Our program of research on the urban brain began in an unlikely way, in a series of workshops under the rather pretentious title, a new sociology for a new century. Our objective was actually more modest than it sounded: it was to bring sociological thinking into conversation with contemporary research in the biosciences, in particular with the neurosciences, and to explore the possibilities of such a conversation in relation to just one important contemporary issue. We deliberately chose to focus on an area that had been the topic of debates in sociology, psychiatry, and politics for many decades: mental health in the city (Fitzgerald, Rose, et al., 2016b; Fitzgerald, Rose, et al., 2016a). We wanted to put together an experiment to see the possibilities, and the limits, of a collaboration that brought together leading research in the social sciences and leading research in the neurosciences. What was possible in this space, and what, if anything, could be gained for understanding the ways in which urban living and human mental life were intertwined? What was it about city life that was so bad for the mental health of many people, at the same time that it was beneficial for others? And what might be the implications of the success or failure of such an experiment for our call for a revitalization of social science?

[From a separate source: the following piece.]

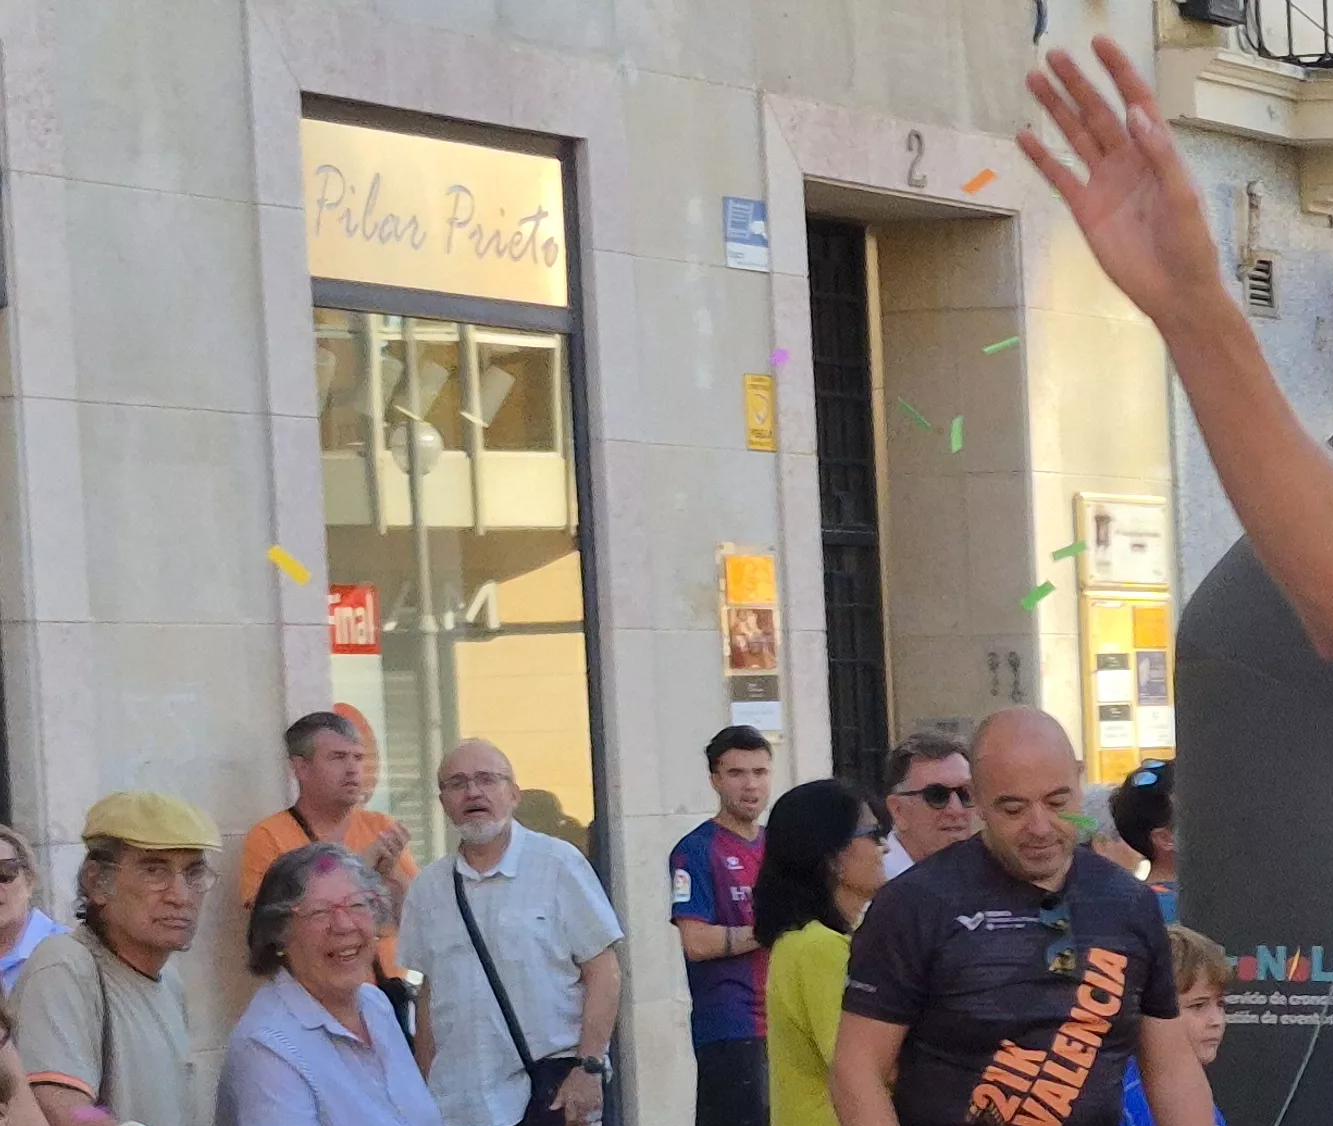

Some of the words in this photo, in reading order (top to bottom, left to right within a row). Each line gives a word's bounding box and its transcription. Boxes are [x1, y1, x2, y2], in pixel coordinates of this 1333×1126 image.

[906, 129, 927, 188] 2
[315, 164, 427, 250] Pilar
[446, 184, 559, 268] Prieto

Of course, there has always been traffic between the social sciences and the life sciences. No one who has tried to understand the nature and development of living organisms could ignore that those organisms make their lives in a world beyond the borders of their bodies, even though in their research that world is so often confined to a few roughly sketched factors or confined to a box termed environment. In their turn, sociology, anthropology, political science, even human geography, have always depended on beliefs about the kinds of creatures that human beings are, seldom articulated, usually drawing implicitly on the particular lay biology that is the common sense in their time and place. Our research, initially funded under a program for transforming social science, was in part driven by dissatisfaction with this dual inheritance. We were motivated not only by our disenchantment with the current state of sociology, but also by a sense that something new was taking shape in the sciences of life, in the many sub-disciplines of biology and neurobiology, and notably in genetics. Genetics, for many social scientists, had long been the last refuge of biological determinism, whatever geneticists might have said about their interest in gene-environment interactions. But now, it seemed, something basic had changed: the scientific necessity of recognizing that the environment was not merely something external to the organism with which an inborn genetic program interacted. As the field moved from genetics to genomics, research was showing that the expression of DNA sequences and their implications for human development, and for health and illness, was fundamentally shaped by the experiences undergone by the organism as it develops in a particular milieu and hence that the pertinent dimensions of that milieubiographical, material, social, even semanticneeded to be characterized and somehow incorporated into investigations and interpretations.